Northwestern doesn't have much talent on defense to work with, but they deserve credit for experimenting with multiple schemes to see what works best. The Wildcats have gone to more three man front looks with Kevin Mims, Keegan Kennedy, and Mark Koehn working the line. Expect to see both some 3-4 looks and some 3-3 looks if Michigan goes to any spread packages. Ideally, the 3-4 defense works best against the zone blocking scheme but the Wildcats are reeling at linebacker, so it is up in the air how much they will utilize this scheme. In the defensive trench, the Wildcats also lack a dominant nose man, which is the main weapon against zone blocking teams. Although the blitzing hasn’t been largely effective for the, they do use some creativity up front. Northwestern won’t hesitate to blitz either safety and play cover 3 behind it, or bring a cornerback/linebacker combo from the boundary side. They will run some zone blitz variations off the three man front as well. Coverage wise, expect to see a lot of zone. Their favorite coverage is cover 3 but they will also throw in some cover 2 - man under and other man concepts once in awhile.

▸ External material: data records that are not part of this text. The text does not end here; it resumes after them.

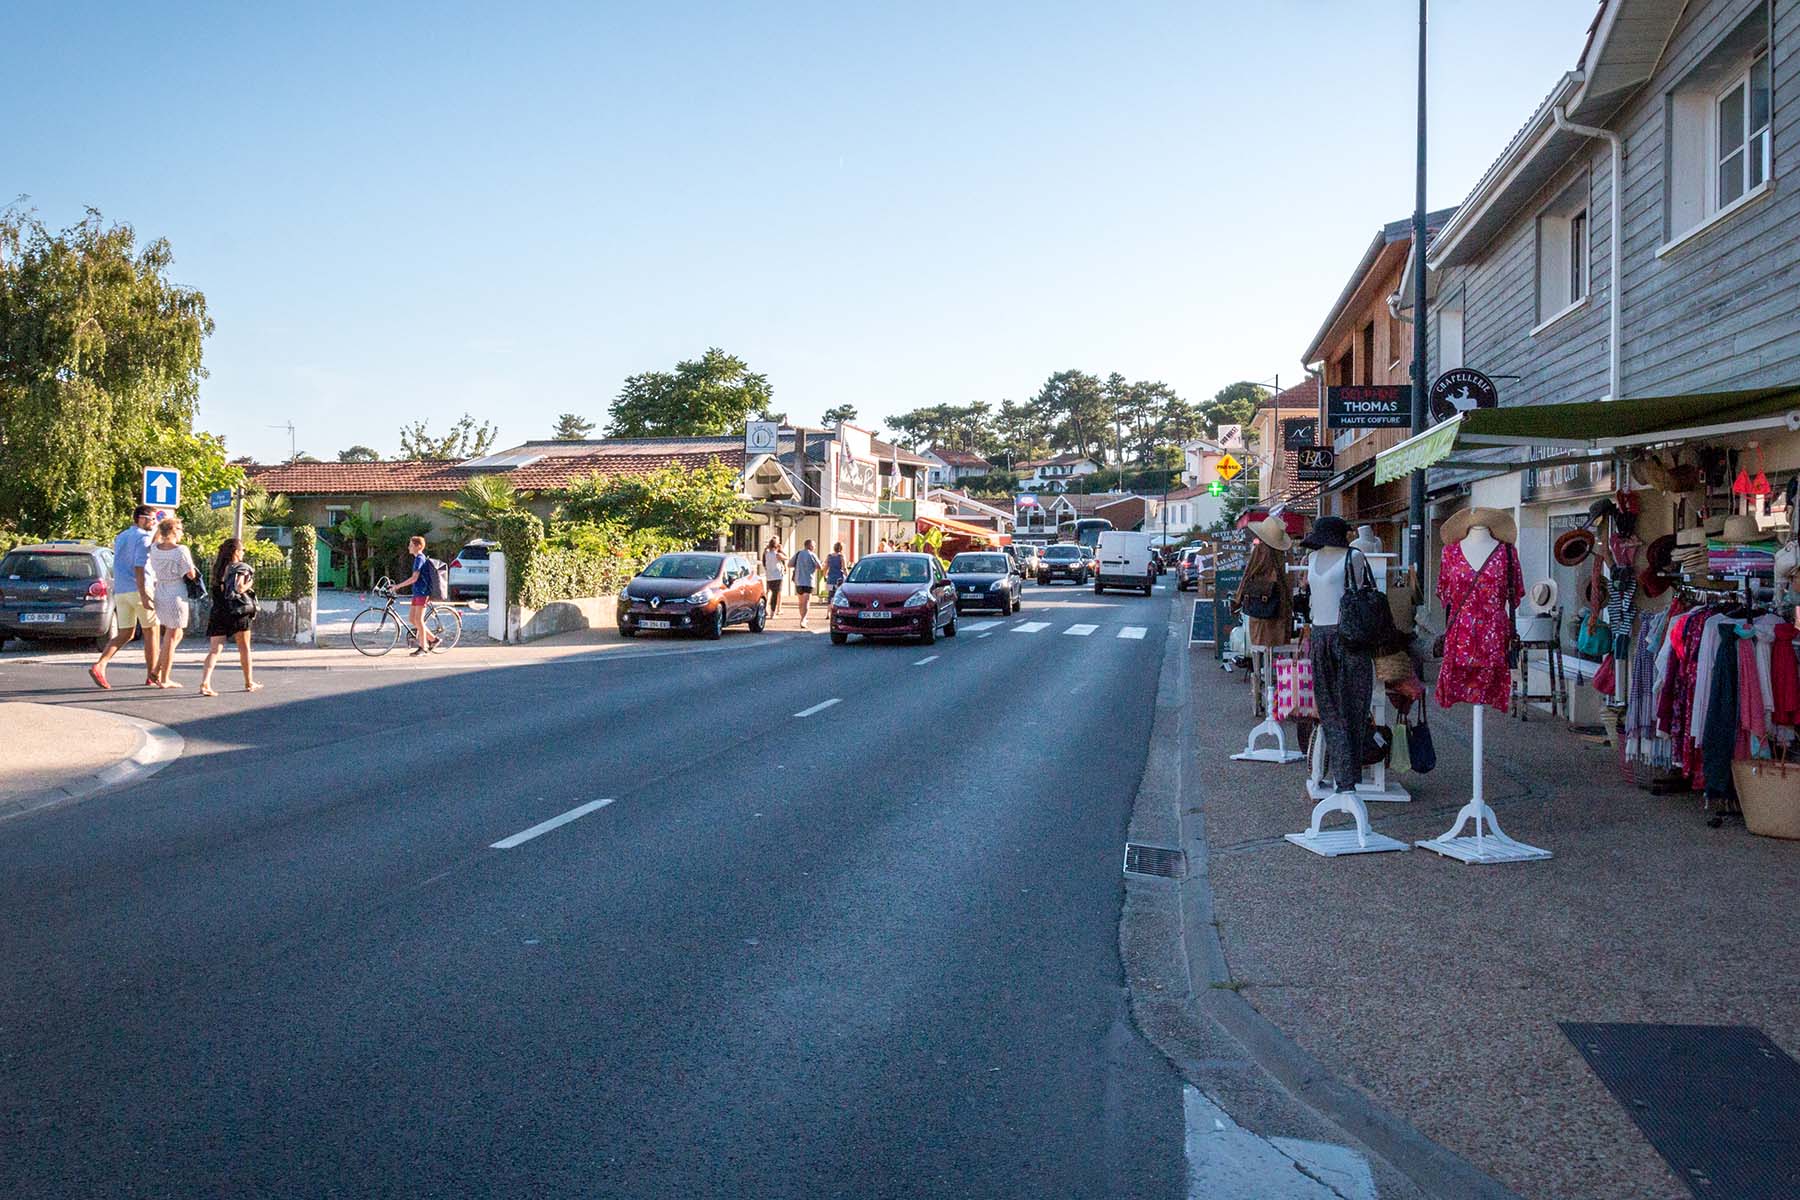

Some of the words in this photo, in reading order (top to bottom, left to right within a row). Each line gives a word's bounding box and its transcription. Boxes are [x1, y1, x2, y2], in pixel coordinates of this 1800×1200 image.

[1436, 374, 1490, 393] CHAPELLERIE
[1343, 401, 1398, 412] THOMAS
[1340, 416, 1366, 424] HAUTE
[1367, 416, 1401, 424] COIFFURE
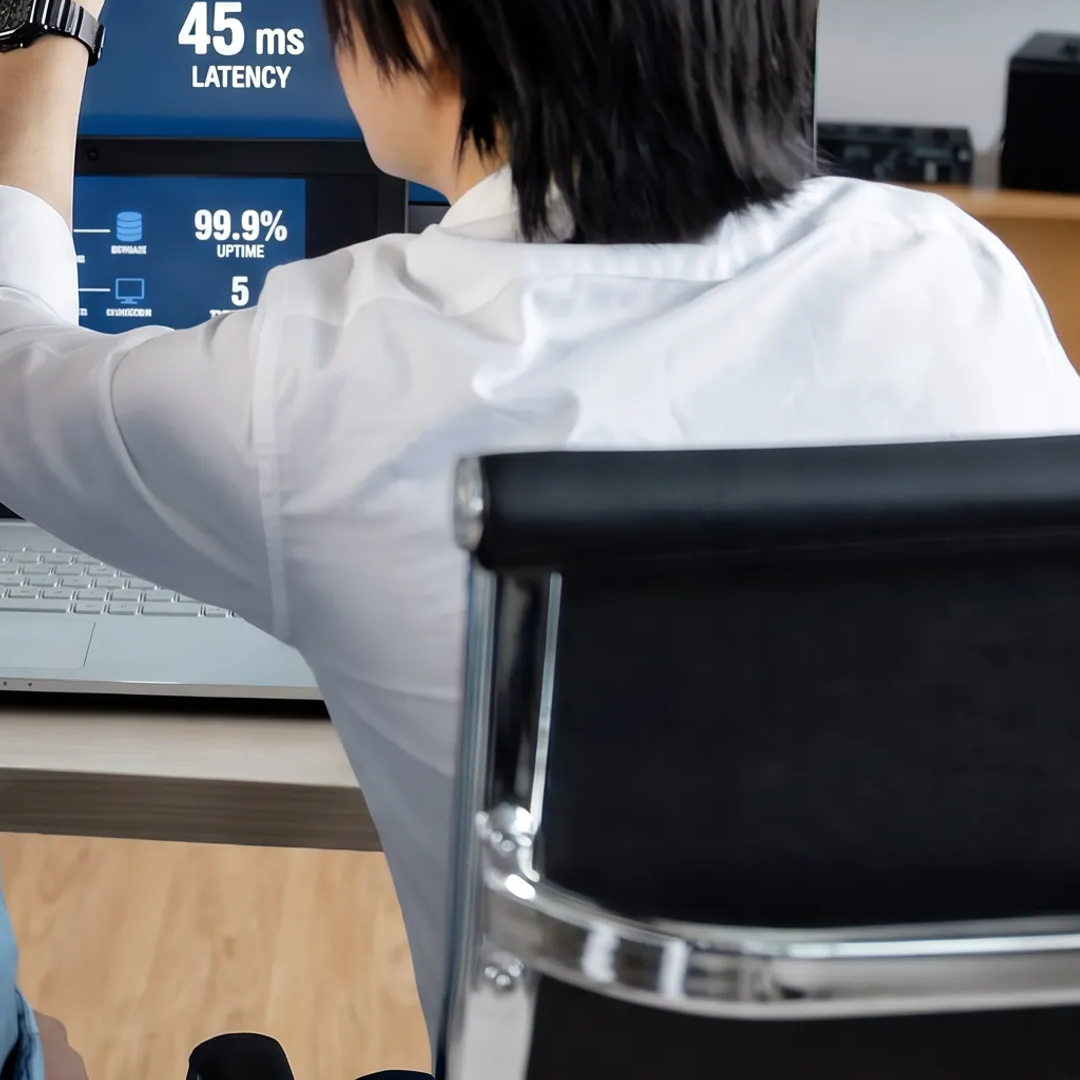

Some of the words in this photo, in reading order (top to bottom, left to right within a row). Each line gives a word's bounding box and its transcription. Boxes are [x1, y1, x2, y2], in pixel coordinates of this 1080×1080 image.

[178, 1, 245, 56] 45
[255, 27, 305, 56] ms
[192, 65, 292, 89] LATENCY
[194, 209, 288, 242] 99.9%
[216, 243, 265, 259] UPTIME
[231, 275, 250, 306] 5

#91 Mark Koehn 6-3, 270, Jr.
#72 David Ngene 6-3, 265, Jr.
#99 Corey Wootton 6-6, 275, So.
#95 Kevin Mims 6-3, 280, So.
#70 John Gill 6-3, 300, So.
#92 Keegan Kennedy 6-3, 290, So.
This is a young defensive line crew that doesn’t have one senior in the two deep. The team has the most experience and depth at defensive end. Corey Wooton is the crew's best pass rusher, having tallied four sacks and 7.5 for loss this season. Wooton isn’t overly quick, but his 6’7 frame and long arms have caused some problems for opposing offensive linemen from time to time. Mark Koehn and David Ngene are more of run anchors and really haven’t stood out rushing the passer. On film, Kevin Mims has been the other defensive end that has stood out to me. He doesn’t have great tools but he is a smart player who reads blocks well and shows nice instincts for the position. On the interior Adam Hahn and John Gill really struggle to hold their gaps at times. Both struggle to get off blocks and lack ideal experience. Keegan Kennedy is the main rotator inside and will see time in some of the three man fronts the Wildcats deploy. Overall, this unit's inability to rush the passer as a group has forced the coaching staff to bring more pressure from the back seven to try to make things happen.

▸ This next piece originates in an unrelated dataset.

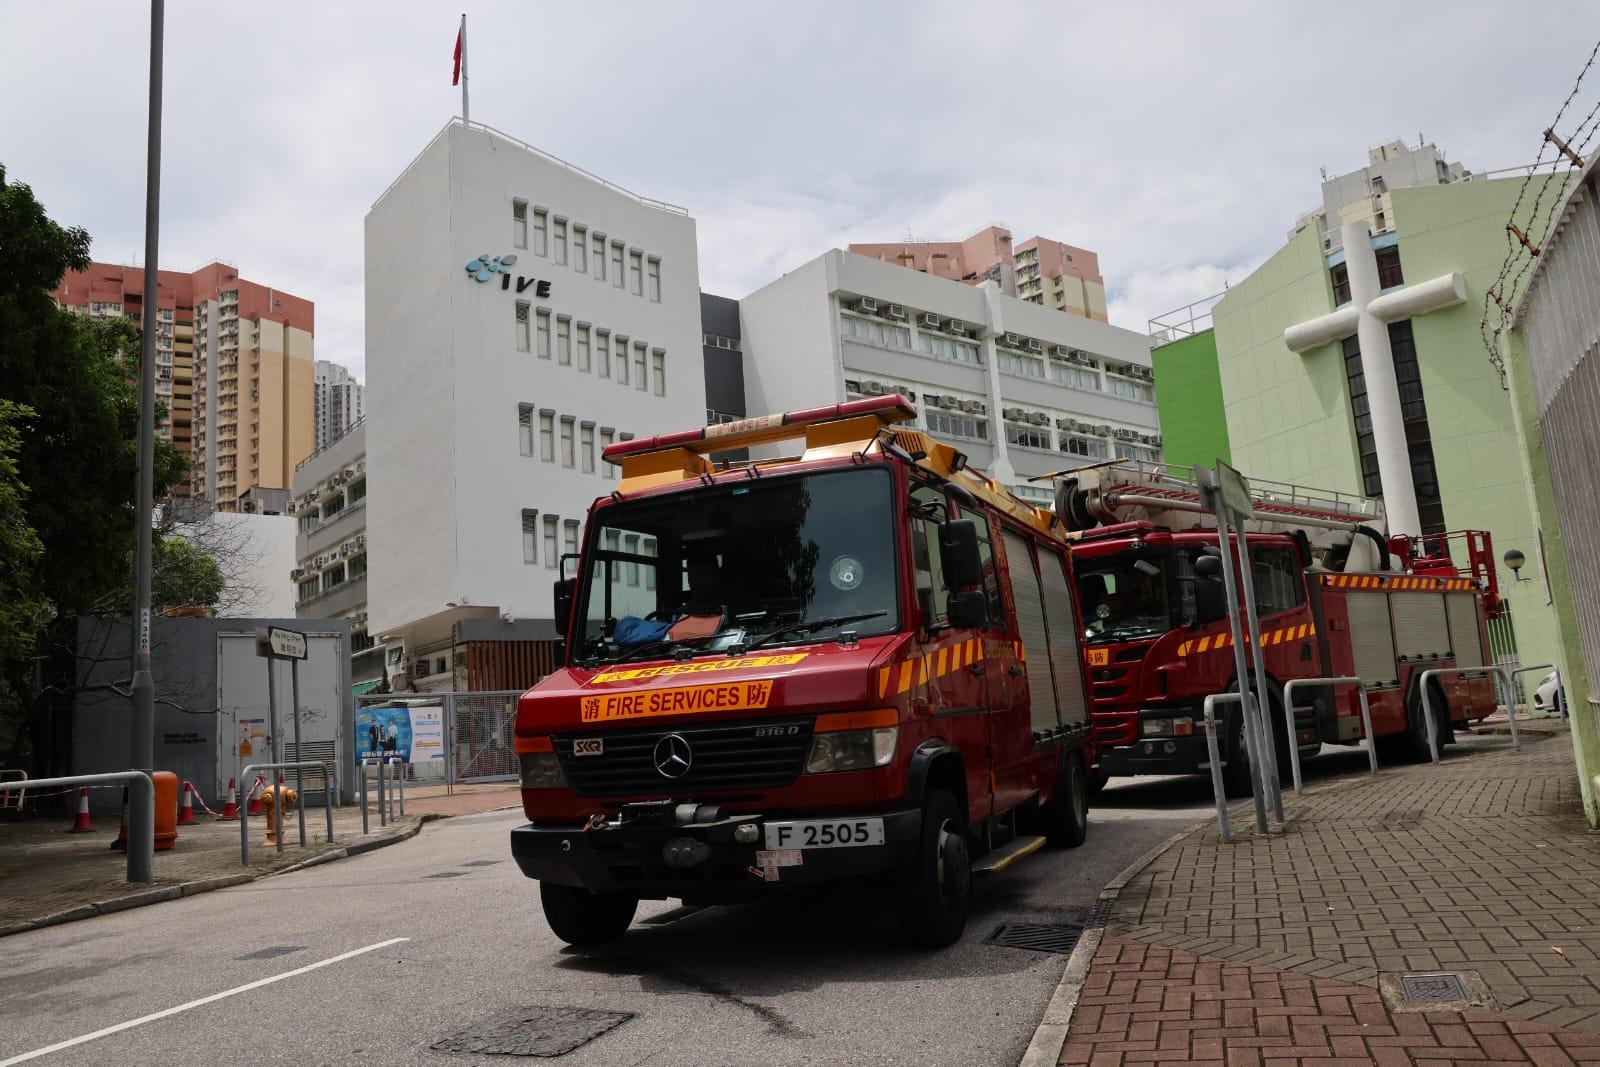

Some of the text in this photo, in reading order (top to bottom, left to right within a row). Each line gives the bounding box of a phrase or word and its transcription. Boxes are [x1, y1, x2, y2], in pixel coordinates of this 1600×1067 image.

#52 Chris Malleo 6-3, 220, Jr.
OR #40 Eddie Simpson 6-0, 220, Jr.
With the loss of the team's best defender in Nick Roach, and questionable status of reserve Eddie Simpson, this unit needs to really step up this week. It was apparent after Roach left the game that Michigan State went to work on his replacement, Chris Malleo. The Spartans hit drag route after drag route on the junior linebacker and attacked him constantly. Malleo is good against the run, but his lack of athleticism becomes apparent when he drops into coverage. If Eddie Simpson is ready to go, he may get the nod here. Strongside linebacker Demetrius Eaton is inconsistent in coverage as well. Eaton is a decent athlete, but he seems to follow up every good read with a bad one and just doesn’t look comfortable going through his progressions. Expect to see Campbell Black sub in on reduced front situations as well. Middle linebacker Adam Kadela is the leading active tackler with 52. Like his counterparts, zone coverage isn’t really one of his strengths, but he may just be the best pass defender the team has left at the position. Sophomore Mike Dinard also subs in and provides a little more athletic ability, which is something the unit as a whole lacks.

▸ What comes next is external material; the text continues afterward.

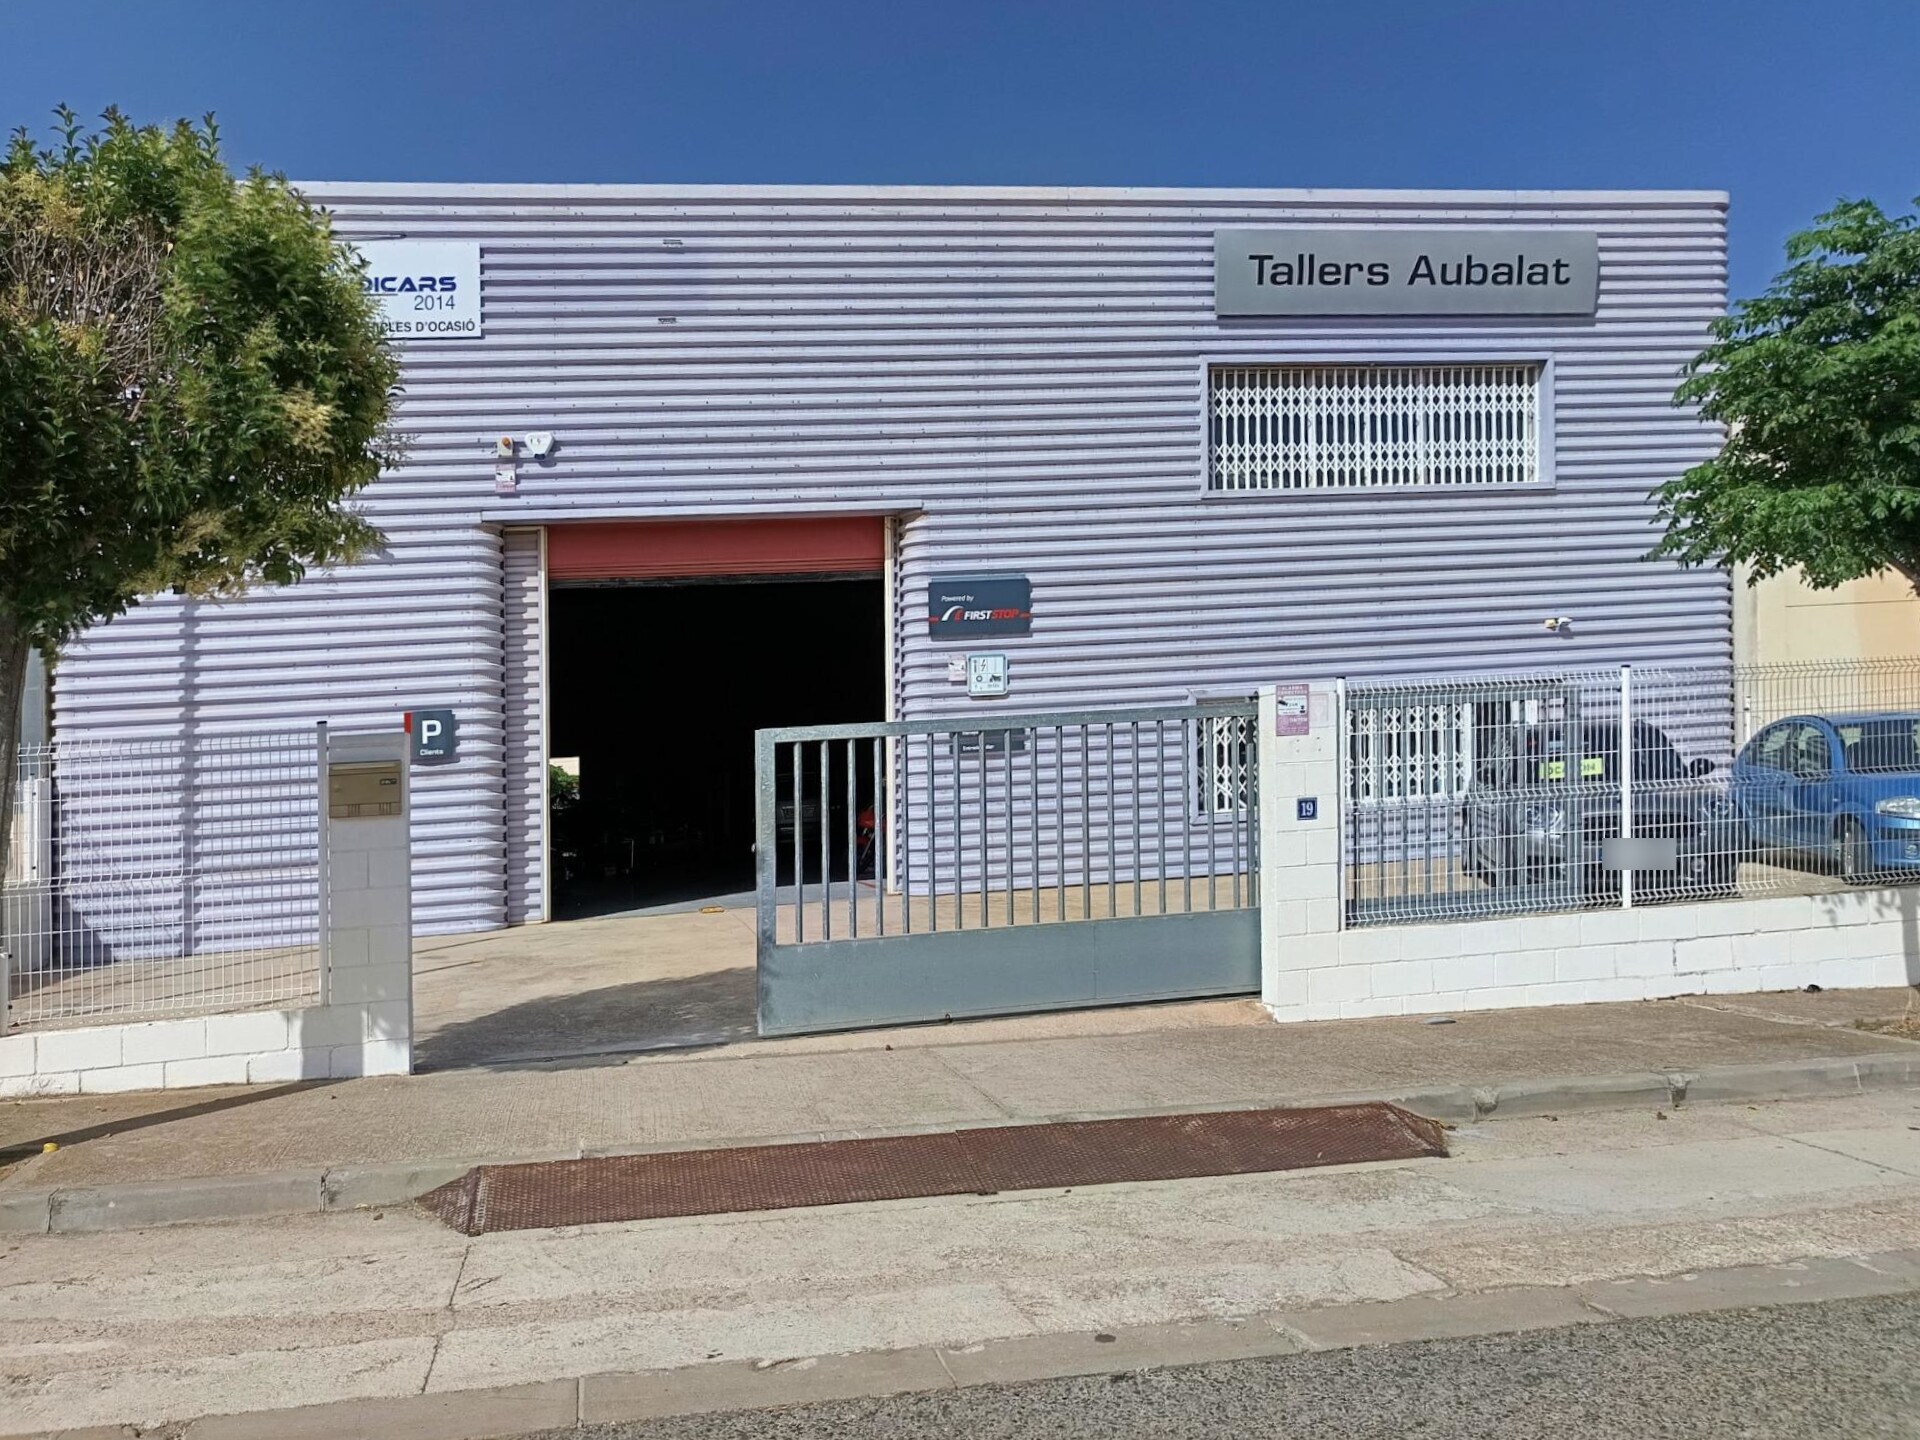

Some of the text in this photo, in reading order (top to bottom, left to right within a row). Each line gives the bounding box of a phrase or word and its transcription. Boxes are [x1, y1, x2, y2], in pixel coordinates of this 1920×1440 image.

#22 Deante Battle 5-10, 180, Jr.
#6 Cory Dious 5-9, 165, Sr.
#27 Reggie McPherson 6-1, 190, Jr.
#45 Ben Rothrauff 5-10, 190, Jr.
#39 Brendan Smith 6-1, 215, So.
#17 Brad Phillips 6-2, 200, Fr.
This is another group with marginal talent. Cornerback Marquice Cole is the best of the group, but he hasn’t really played up to potential so far this season. Cole breaks on the ball fairly well and has good overall athleticism, but his lack of size translates into him being pushed around while defending the run. Opposite cornerback Deante Battle has the same size limitations, but he shows more aggressiveness in his play. The team will play Cole and Battle to the same side while leaving freshman Sherrick McManis to handle one side. McManis shows sloppy technique from time to time, but he has the athletic ability and frame to develop into a fine cornerback down the road. The loss of Bryan Heinz at safety was tough to deal with. Free safety Reggie McPherson and strong safety Brendan Smith have had their ups and downs so far this season. Smith lacks ideal range but has played the run well with 46 stops. Smith generally takes good angles to the ball and is one of the better tacklers on defense. He has intercepted two passes as well.